Wade laughed sardonically.
"No Wade would have been that soft."
Captain Manly stroked his grizzled chin. He kept his eyes focused on the chart as he replied:
"This is a narrow, shallow channel, Mr. Wade. A light vessel, if chased, would very likely put in here, where a square-rigged frigate might be expected to have trouble, especially with a quartering wind. It would give a man time to unload his cargo. Nigger smell isn't real evidence, Mr. Wade."
For an instant the small cabin was still. Then Wade smiled, a trifle thinly.
"You're trying to tell me that one of my ancestors was fool enough to draw a chart showing where he'd dumped overboard a shipload of niggers?" he snapped. "You don't know the Wades."
Captain Manly's eyes lifted to the owner's finely chiseled face.
"No person can say with certainty what another human being might do," he said quietly.
Wade laughed harshly.
"We Wades aren't human beings—or so a great many people have said.
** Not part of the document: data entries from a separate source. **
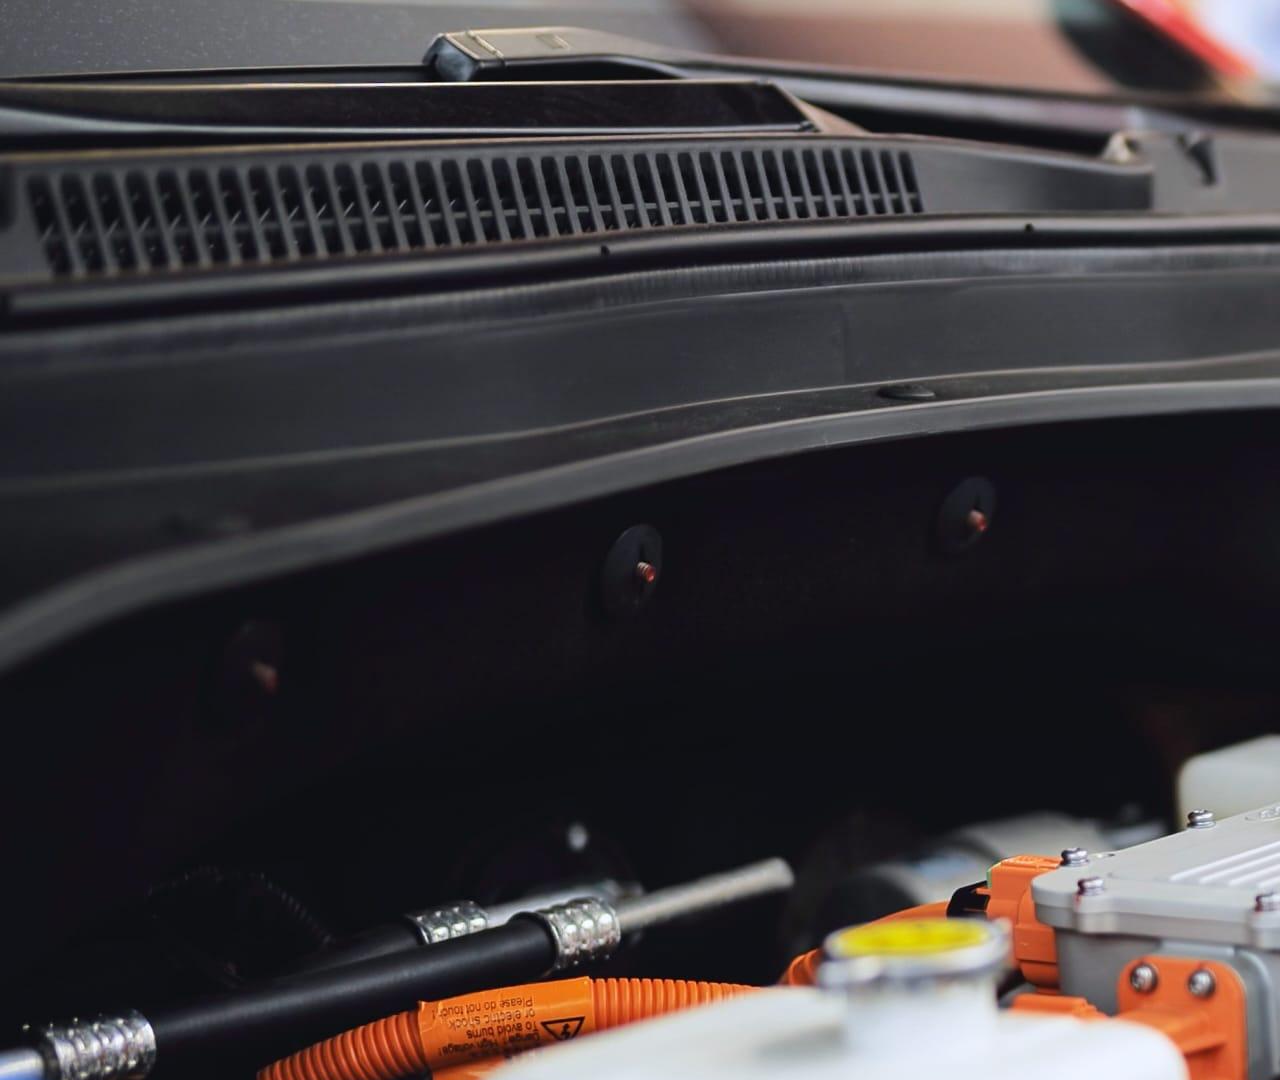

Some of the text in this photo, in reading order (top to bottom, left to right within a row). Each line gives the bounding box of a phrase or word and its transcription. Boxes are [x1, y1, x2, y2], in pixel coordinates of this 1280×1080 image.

[484, 1001, 497, 1009] do
[500, 996, 533, 1007] Please
[466, 1003, 481, 1013] not
[525, 1009, 536, 1017] or
[485, 1010, 521, 1022] electric
[466, 1021, 539, 1038] To avoid burns
I'll go on deck now and join Evelyn."
Slowly, as the owner stooped through the companionway, Captain Manly rolled up the chart.
2
"THANK Heaven, Aunt Leona's gone to bed at last."
Evelyn Phelps' clear, faintly metallic voice tinkled the words. With an appreciative laugh her fiancè hunched his deck chair closer to her own and slipped his wiry right arm possessively about her shoulders. Behind their backs the foremast, a naked black finger, reared up toward the stars. The tropic breeze, balmy from the near-by Gulf Stream, fragrant with the scent of near-by land, whispered in their faces; the islands to port and starboard were low-lying, palm-fringed masses edged with gleaming white. The moon climbing over the bowsprit was bigger than an orange.
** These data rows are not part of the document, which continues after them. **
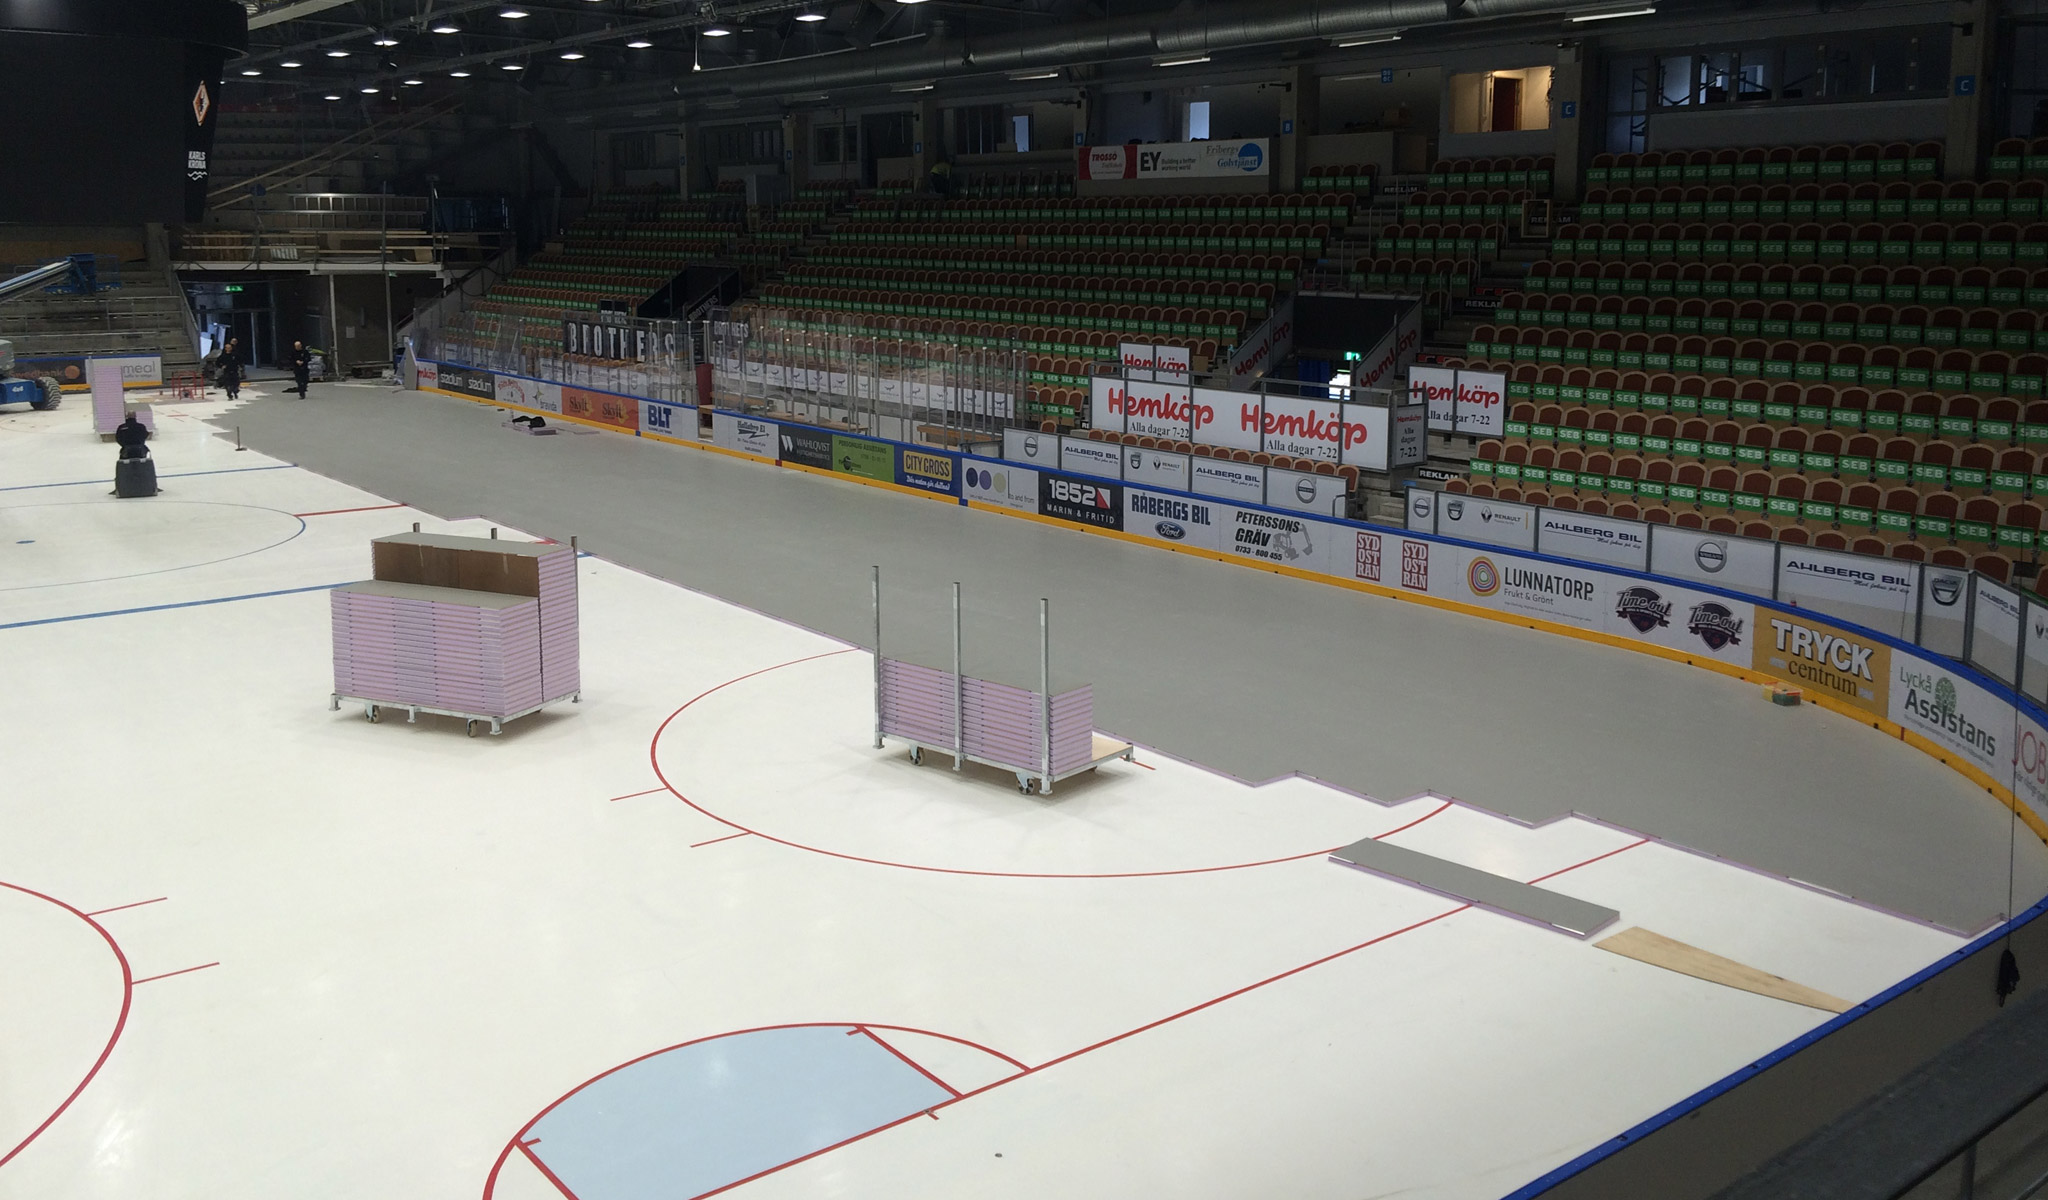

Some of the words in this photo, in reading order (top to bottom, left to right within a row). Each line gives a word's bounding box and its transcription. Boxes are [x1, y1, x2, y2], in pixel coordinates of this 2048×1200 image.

[188, 151, 206, 160] KARLS
[1140, 151, 1161, 172] EY
[1217, 155, 1258, 169] Golvtjänst
[187, 160, 207, 169] KRONA
[1705, 359, 1729, 369] SEB
[441, 372, 462, 387] stadium
[1832, 368, 1855, 377] SEB
[12, 385, 24, 393] 4x4
[468, 378, 492, 392] stadium
[1974, 377, 2000, 387] SEB
[1562, 388, 1581, 398] SEB
[1644, 396, 1665, 405] SEB
[1108, 387, 1214, 430] Hemköp
[1767, 406, 1793, 418] SEB
[648, 404, 672, 429] BLT
[1471, 414, 1490, 425] 7-22
[1869, 415, 1894, 425] SEB
[1130, 421, 1146, 434] Alla
[1147, 423, 1171, 438] dagar
[1172, 426, 1189, 438] 7-22
[1241, 403, 1368, 450] Hemköp
[1404, 427, 1414, 435] Alla
[1980, 423, 2008, 435] SEB
[796, 437, 830, 452] WAHLQVIST
[1401, 436, 1416, 444] dagar
[1616, 435, 1637, 445] SEB
[1064, 446, 1104, 458] AHLBERG
[1105, 452, 1118, 460] BIL
[1266, 439, 1286, 451] Alla
[1287, 441, 1316, 456] dagar
[1317, 446, 1337, 458] 7-22
[1400, 446, 1417, 458] 7-22
[1707, 445, 1729, 455] SEB
[905, 454, 923, 471] CITY
[923, 457, 950, 477] GROSS
[1472, 462, 1491, 471] SEB
[1807, 456, 1832, 467] SEB
[1196, 466, 1242, 480] AHLBERG
[1245, 473, 1260, 482] BIL
[1525, 469, 1544, 478] SEB
[1581, 476, 1601, 486] SEB
[1954, 471, 1982, 482] SEB
[1049, 478, 1096, 507] 1852
[1640, 484, 1662, 494] SEB
[1704, 492, 1727, 502] SEB
[1131, 492, 1189, 521] RÅBERGS
[1192, 506, 1211, 526] BIL
[1770, 500, 1795, 511] SEB
[1047, 503, 1073, 515] MARIN
[1085, 511, 1115, 524] FRITID
[1494, 513, 1521, 523] RENAULT
[1842, 509, 1869, 521] SEB
[1235, 511, 1300, 533] PETERSSONS
[1919, 520, 1946, 532] SEB
[1160, 523, 1181, 538] Ford
[1235, 528, 1271, 547] GRÄV
[1545, 521, 1614, 538] AHLBERG
[1619, 531, 1642, 543] BIL
[2000, 530, 2030, 543] SEB
[1358, 533, 1380, 551] SYD
[1235, 545, 1251, 555] 0733
[1255, 549, 1268, 558] 800
[1269, 552, 1283, 561] 455
[1358, 549, 1380, 565] OST
[1403, 542, 1427, 560] SYD
[1357, 562, 1380, 579] RAN
[1404, 557, 1427, 574] OST
[1403, 571, 1427, 589] RAN
[1787, 561, 1875, 581] AHLBERG
[1881, 575, 1911, 587] BIL
[1504, 567, 1594, 600] LUNNATORP
[1504, 588, 1524, 599] Frukt
[1532, 594, 1554, 606] Grönt
[1616, 590, 1646, 609] Time
[1648, 601, 1673, 617] out
[1979, 589, 2009, 609] AHLBERG
[1687, 605, 1718, 625] Time
[1720, 617, 1744, 634] out
[1770, 618, 1874, 682] TRYCK
[1788, 660, 1858, 697] centrum
[1900, 666, 1932, 694] Lyckå
[1904, 688, 1996, 757] Assistans
Henry Cabot Wade chuckled.
"A chaperone can be a nuisance on a night like this."
The girl sighed. "Isn't it lovely? Boston seems so far away—and money so unimportant."
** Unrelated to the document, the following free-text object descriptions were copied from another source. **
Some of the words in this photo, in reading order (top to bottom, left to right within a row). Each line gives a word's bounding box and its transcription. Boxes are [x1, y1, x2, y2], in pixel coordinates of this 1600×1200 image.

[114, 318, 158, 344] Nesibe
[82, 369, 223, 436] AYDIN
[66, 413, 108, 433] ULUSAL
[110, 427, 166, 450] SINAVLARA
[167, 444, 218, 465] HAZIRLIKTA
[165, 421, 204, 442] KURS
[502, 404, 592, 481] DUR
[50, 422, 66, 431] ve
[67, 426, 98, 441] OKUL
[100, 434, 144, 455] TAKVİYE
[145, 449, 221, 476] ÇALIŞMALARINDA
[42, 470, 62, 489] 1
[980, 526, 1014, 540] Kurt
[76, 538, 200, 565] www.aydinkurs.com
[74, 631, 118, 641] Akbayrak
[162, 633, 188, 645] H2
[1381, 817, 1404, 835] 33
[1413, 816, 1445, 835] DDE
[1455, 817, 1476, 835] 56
For an instant, while the thought of their desiccated family fortunes swept between them, they were silent No one knew better than they that if this search for black gold proved a failure she must marry someone else.
Restlessly, Henry Cabot Wade stirred.
"We'll get it up," he promised her, the words hard, "if we have to search every inch of this damned channel. We've brought the best diver money could buy, dynamite enough to blow up a city——"
She turned toward him and kissed his cheek, the fringe of his eyelashes, his thin, cruel lips. She admired his profile, sensitive, aquiline, somehow like that of a great predatory bird....
They made love, while the moon crept from above the bowsprit to the foremast....
Suddenly he stiffened, sat erect.
"Look there," he said sharply, pointing forward. Then he shook his head bewilderedly. "It's gone. Did you see it?"
She was touching her disheveled hair into place.
"See what?" she asked, her voice sleepy and warm. "I didn't see anything."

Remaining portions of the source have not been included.